Abstract
In a recent interesting article, analysis of gene expression between phenotypically defined acute myeloid leukemia (AML) leukemia stem cells (LSCs) and more mature leukemia progenitor cells is used to generate a differentially expressed gene signature for LSCs. Through clever bioinformatic weighting analysis, the authors describe a method to convert this signature into a single score for any given sample and then test the prognostic utility of this 'LSC score' in publicly available gene expression profiles from bulk AML samples. They demonstrate that a high LSC score is associated with poor prognosis in AML patients and further demonstrate that the score is independent of known prognostic factors, including age, karyotype and mutation of the FLT3 or NPM1 genes. These findings are important and directly relate transcriptional dysregulation in AML LSCs with the outcome in patient samples, thus reinforcing the belief that these cellular populations are crucial for the initial propagation and subsequent relapse and resistance of leukemia.

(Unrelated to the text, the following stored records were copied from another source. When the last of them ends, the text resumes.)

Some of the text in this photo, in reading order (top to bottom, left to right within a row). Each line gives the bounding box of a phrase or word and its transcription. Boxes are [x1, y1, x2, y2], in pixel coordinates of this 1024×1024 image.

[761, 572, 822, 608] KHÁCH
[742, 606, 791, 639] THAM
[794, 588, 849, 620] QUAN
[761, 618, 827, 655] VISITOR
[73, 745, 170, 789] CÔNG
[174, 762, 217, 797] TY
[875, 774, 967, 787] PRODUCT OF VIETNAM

Acute myeloid leukemia (AML) is an aggressive hematological malignancy characterized by a proliferation of primitive myeloid cells or 'blasts' in the blood. Although highly variable, most patients with AML will achieve a remission but later relapse and die from the disease. It is an extremely heterogeneous disease at the morphological, molecular and clinical levels with many distinct subgroups. Due to this heterogeneity, classification is critical to provide prognostic data informing risk-adapted therapeutic strategies, which have improved outcome dramatically in some subtypes of AML [1].
To date, cytogenetic abnormalities have provided most prognostic information, although up to 50% of patients have a normal karyotype [2]. In addition, over the past decade the detection of specific molecular mutations, including mutations in the NPM1 and FLT-3 genes, have provided additional prognostic information to predict relapse and overall survival. Global gene expression profiles of bulk leukemia cells have provided further data to improve classification and prognosis [3,4], and have identified overexpression of specific genes, such as BAALC and ERG, to be associated with poor survival. These studies have aided our understanding of the biology of AML as a disease characterized by transcriptional dysregulation [5].

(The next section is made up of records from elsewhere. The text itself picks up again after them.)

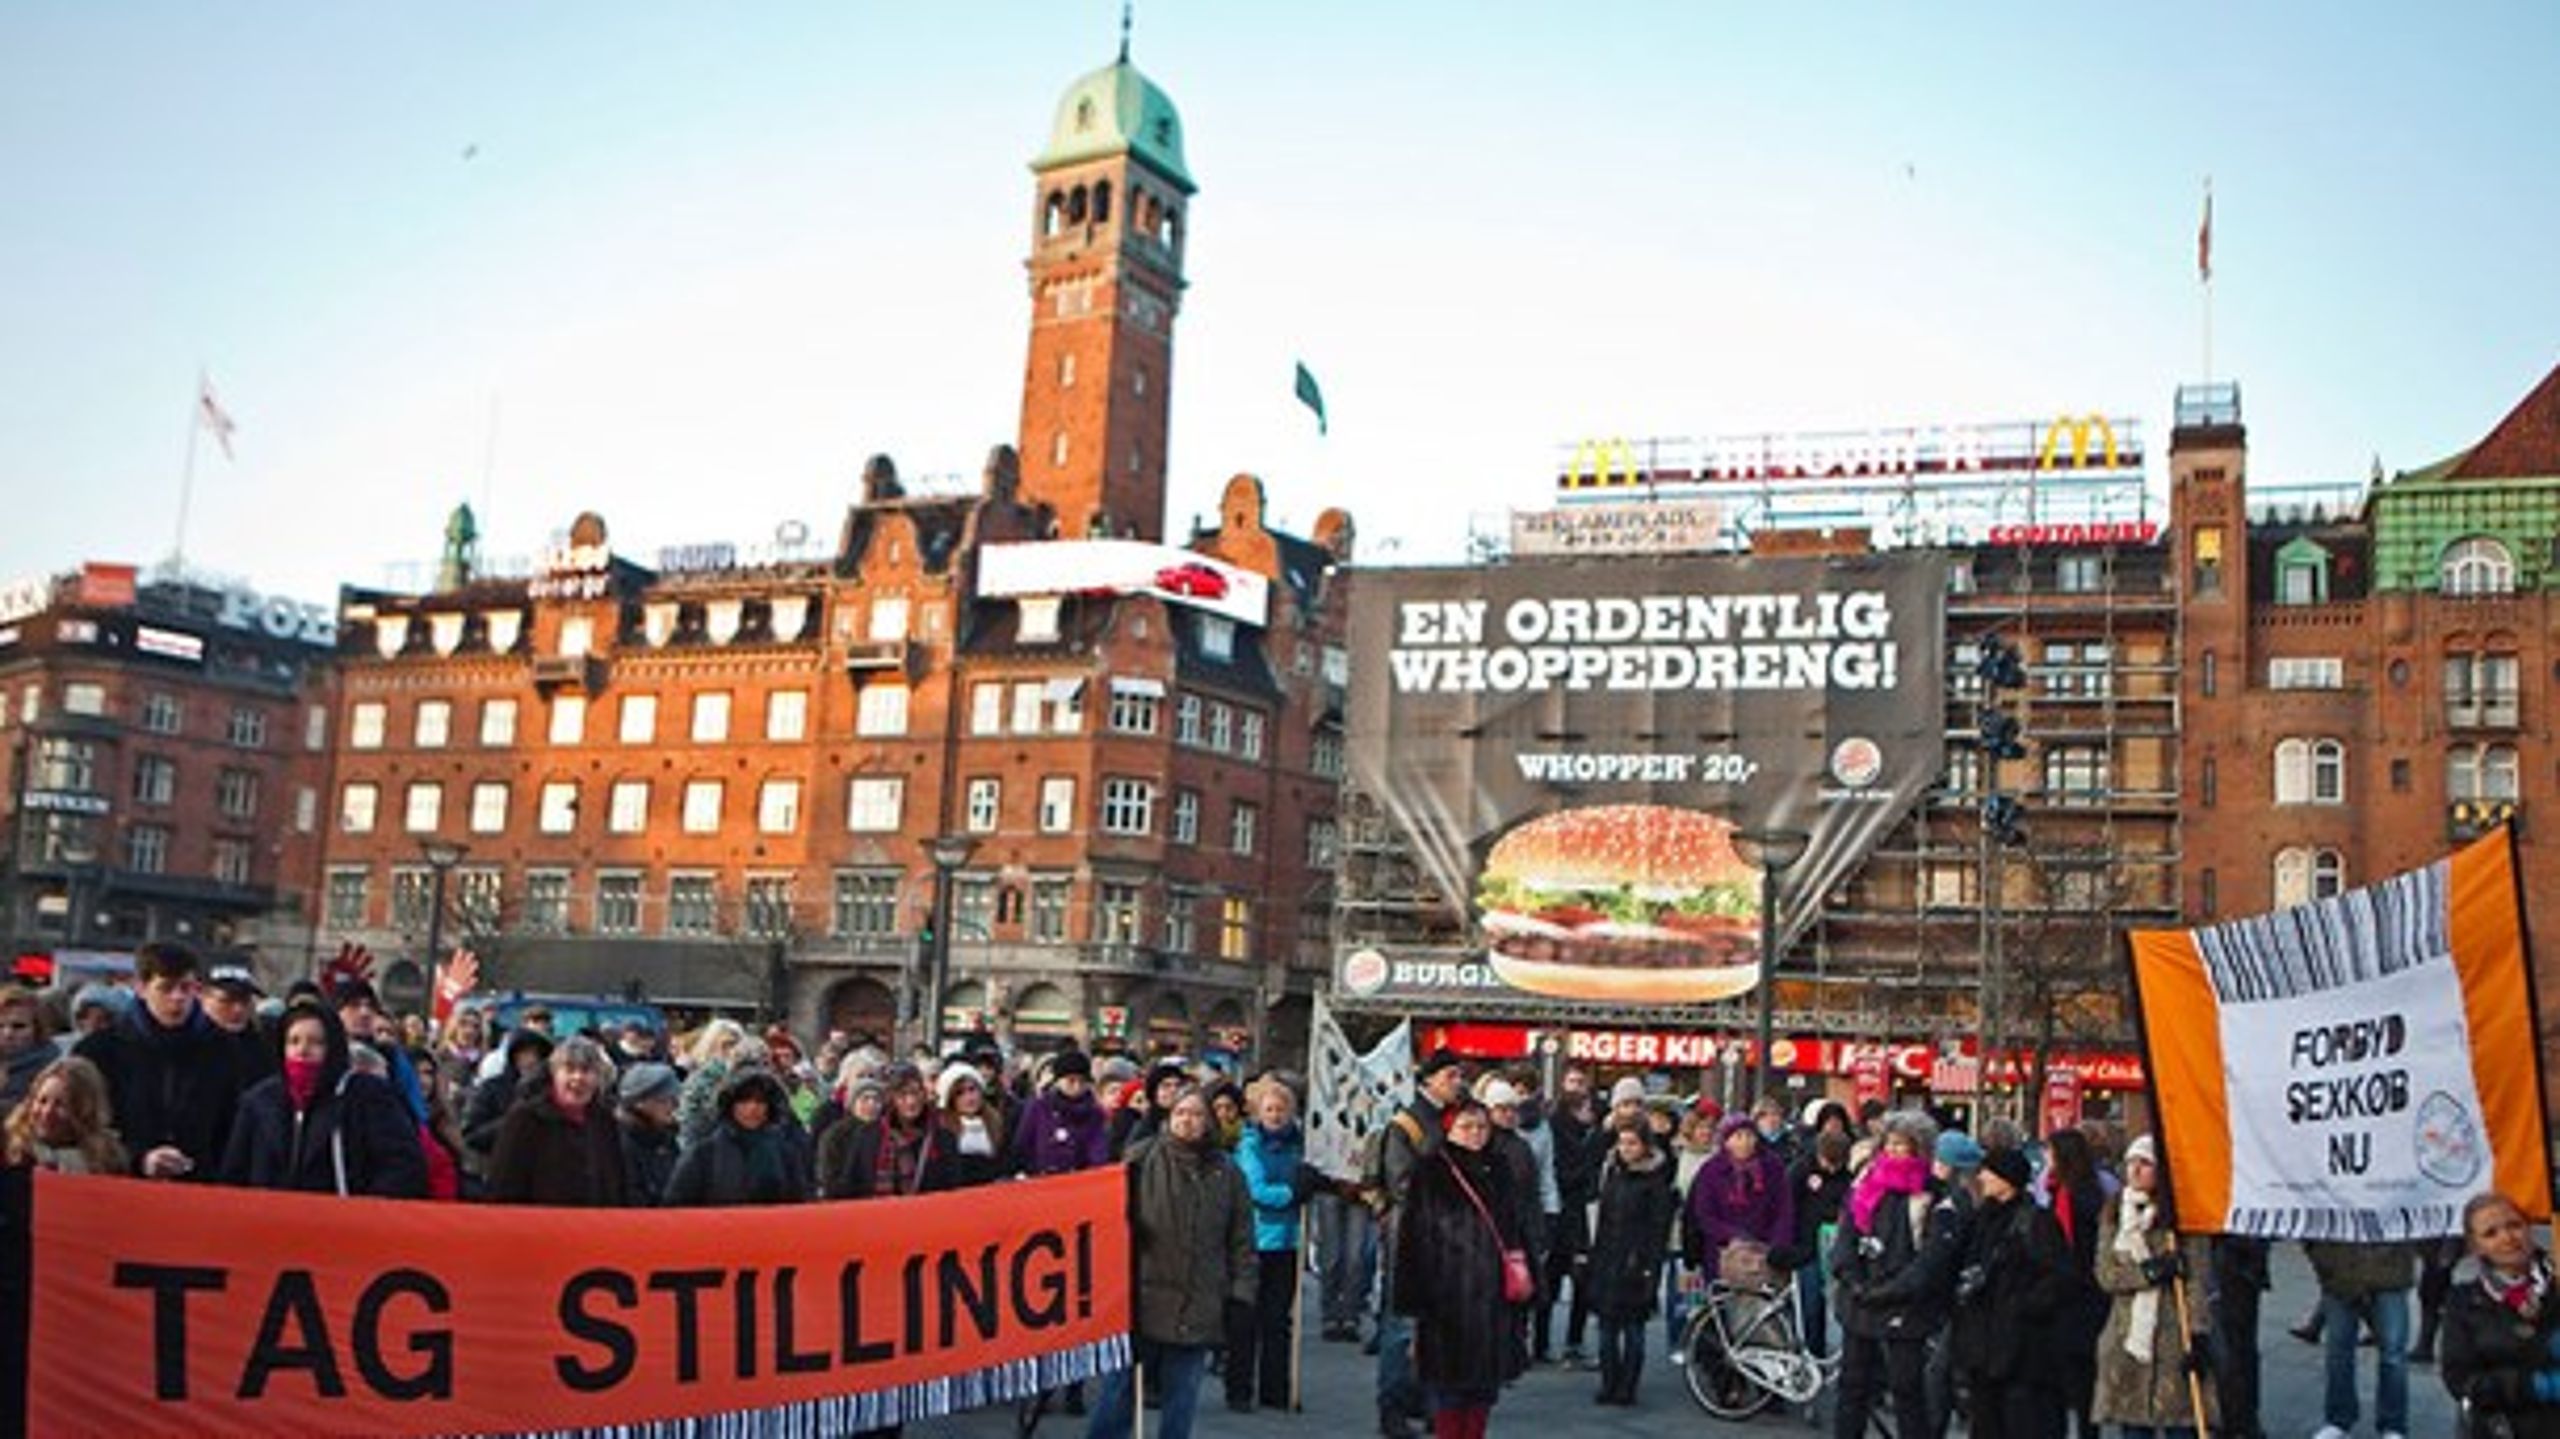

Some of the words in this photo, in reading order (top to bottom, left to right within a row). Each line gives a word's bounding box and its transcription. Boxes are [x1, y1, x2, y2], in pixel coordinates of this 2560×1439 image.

[1401, 601, 1487, 644] EN
[1506, 592, 1891, 642] ORDENTLIG
[1389, 643, 1897, 692] WHOPPEDRENG!
[1838, 1044, 1928, 1077] KC
[2291, 1013, 2407, 1069] FORBYD
[2286, 1068, 2411, 1125] SEXKØB
[2327, 1131, 2371, 1177] NU
[110, 1260, 455, 1403] TAG
[553, 1223, 1093, 1394] STILLING!

Our understanding of the organization of malignancy and the basis of therapeutic failure have recently been informed by the demonstration that certain malignancies are arranged in hierarchies and have a cancer stem or initiating cell at their apices, which propagates and maintains the tumor [6]. The cancer stem cell hypothesis is controversial in some solid organ malignancies but is well accepted in leukemias, and AML was the first malignancy in which a cancer stem cell was demonstrated [7,8]. The malignant hierarchy in AML is similar to normal hematopoietic ontogeny, with leukemia stem cells (LSCs) in most AML patients being positive for the surface marker CD34, as are normal hematopoietic stem cells, and demonstrating variable expression of the CD38 and CD90 markers [7-10]. However, although it is thought that the LSC is responsible for disease relapse and secondary resistance, our understanding of this cellular compartment is poor and it is unlikely that significant therapeutic advances towards reducing disease relapse will be achieved until this ignorance is reversed. Specifically, it is not yet known whether the gene expression patterns in bulk tumor cells are reflective of the transcriptional dysregulation in their initiating or stem cells; this knowledge may inform our understanding of their biology and suggest therapeutic targets.

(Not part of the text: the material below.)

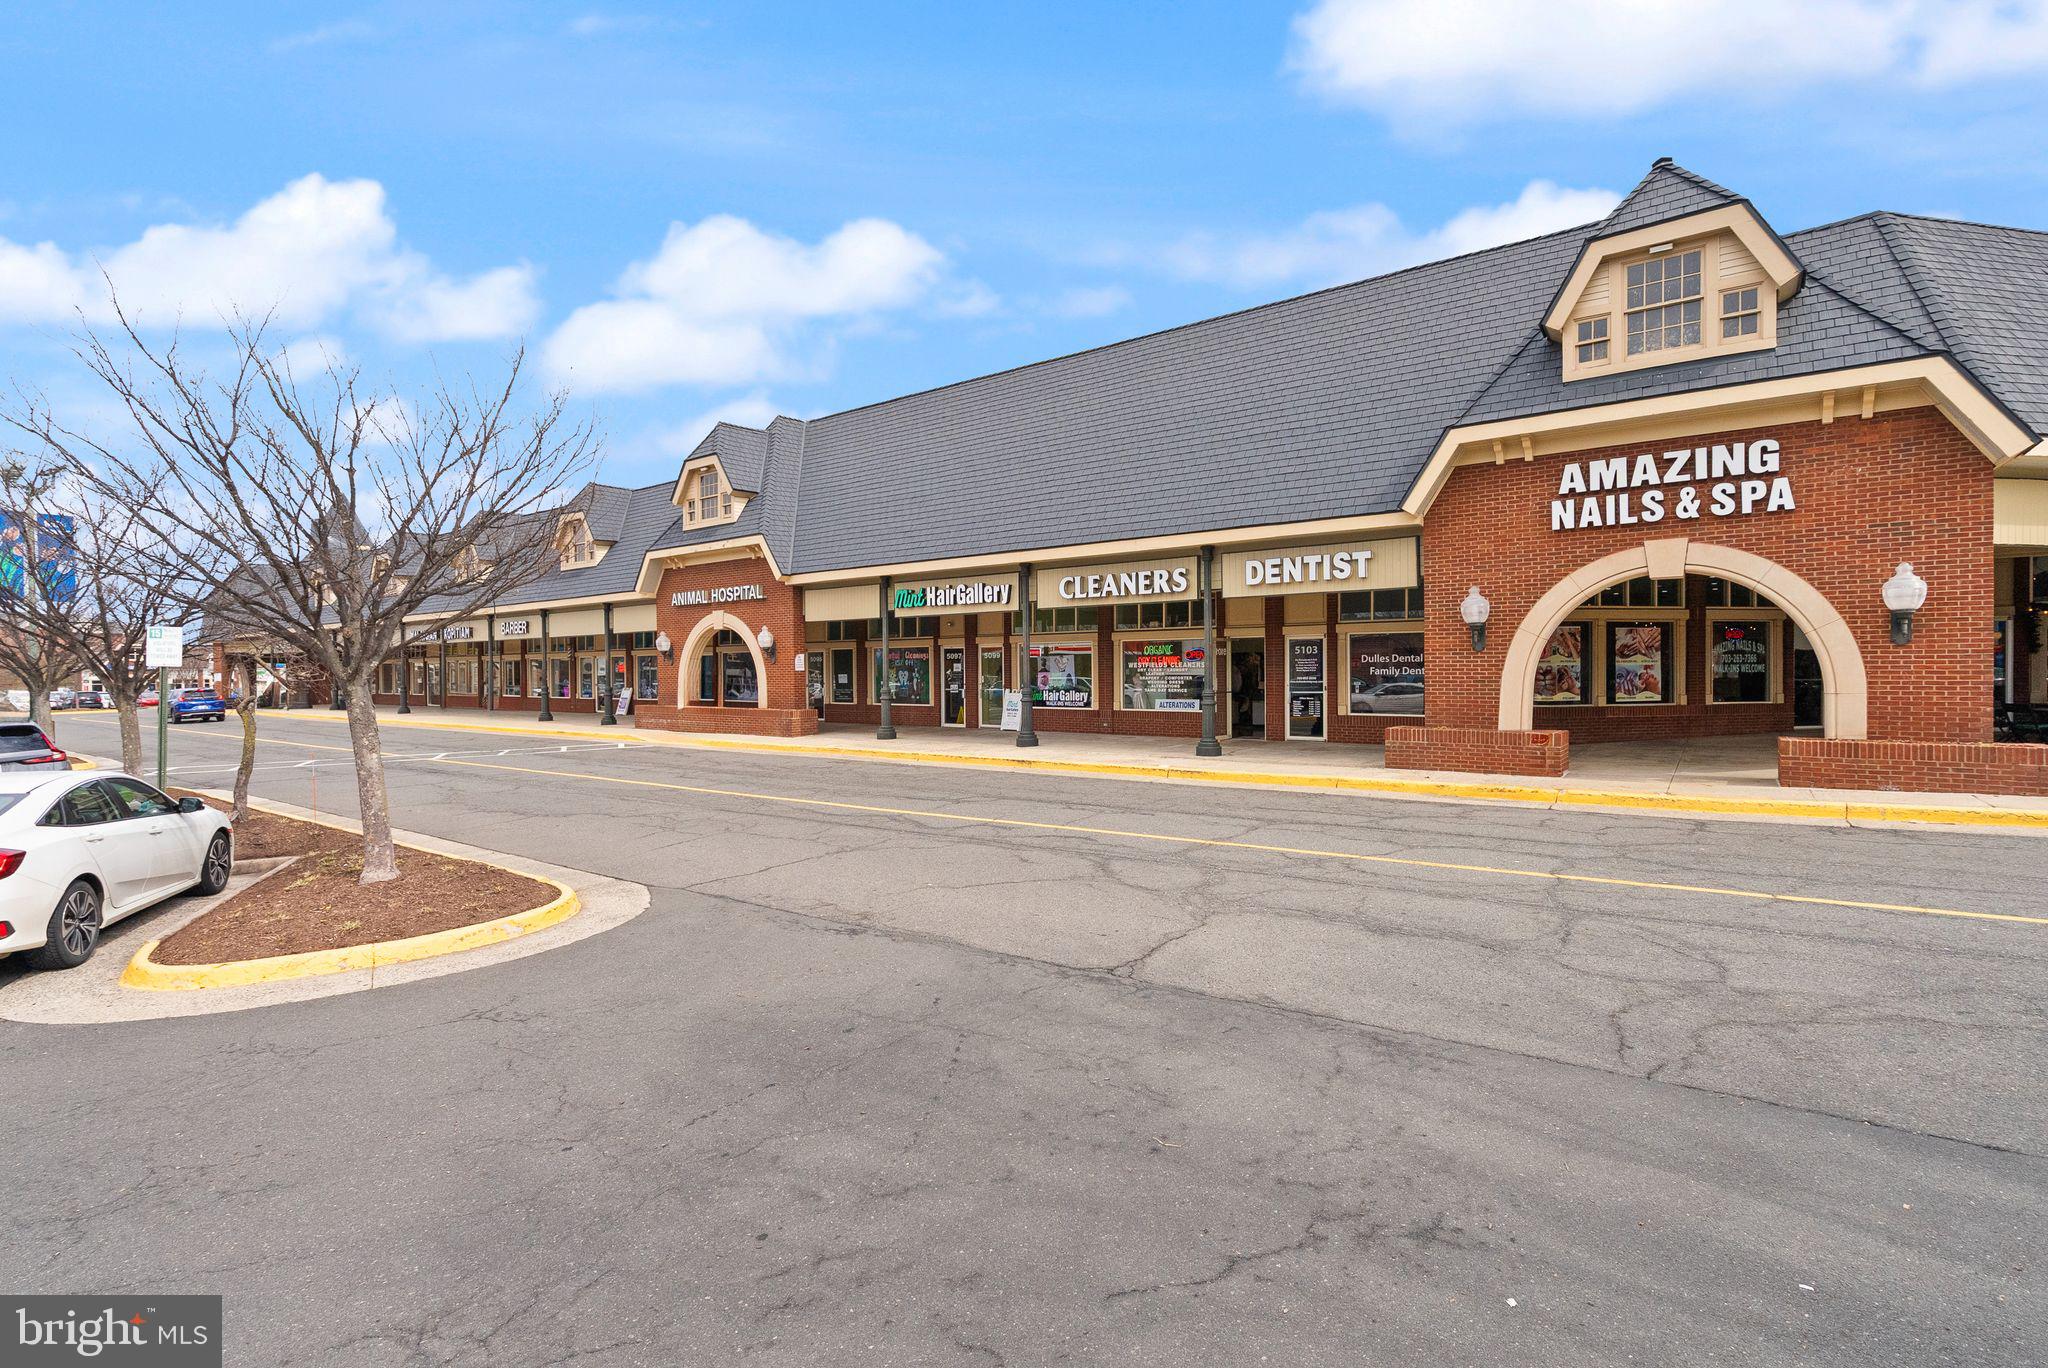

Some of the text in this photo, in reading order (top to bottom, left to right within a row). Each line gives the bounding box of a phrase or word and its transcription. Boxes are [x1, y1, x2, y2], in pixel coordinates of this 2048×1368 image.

This issue is addressed in the interesting recent paper from Gentles and colleagues [11]. The authors compare gene expression profiles in LSCs and more differentiated 'leukemia progenitor cell' subpopulations from AML patients, as defined by surface phenotype during normal ontogeny (CD34+/CD38-/CD90- and CD34+/CD38+, respectively). Their dataset combines their own analysis of seven paired samples with a published dataset of eight paired gene expression profiles from LSCs that have been functionally validated in immunodeficient mice [12]. The authors found 52 genes to be differentially expressed, with the 21 genes down-regulated in the LSC fraction functionally enriched for genes involved in cell cycle, proliferation and differentiation, in keeping with the quiescent, differentiation-blocked phenotype predicted for LSCs. The 31 up-regulated genes were subsequently used to generate an 'LSC signature', where each gene was given a mathematical weighting relative to its predictive value within the dataset. The sum of these weightings could then be calculated for a given sample to obtain a single value or 'LSC score', and this score further correlated with clinical outcome and known prognostic factors. To address its prognostic value in AML patients, the 'LSC score' was recalculated using the same 31 genes in another dataset of gene expression profiles obtained from bulk blasts of 163 patients with normal karyotype AML. The authors demonstrated in this 'test' dataset that a high LSC score was associated with poorer overall survival, both as a continuous variable or a dichotomized value. Importantly, they validated these findings in the normal karyotype patients in another three large publicly available datasets of gene expression profiles across more diverse AML cases, and demonstrated similar findings in patients with cytogenetic abnormalities. Moreover, the independent prognostic value of the LSC score was shown by multivariate Cox regression analysis to be independent of known prognostic factors, including age, karyotype and mutation of the FLT3 or NPM1 genes.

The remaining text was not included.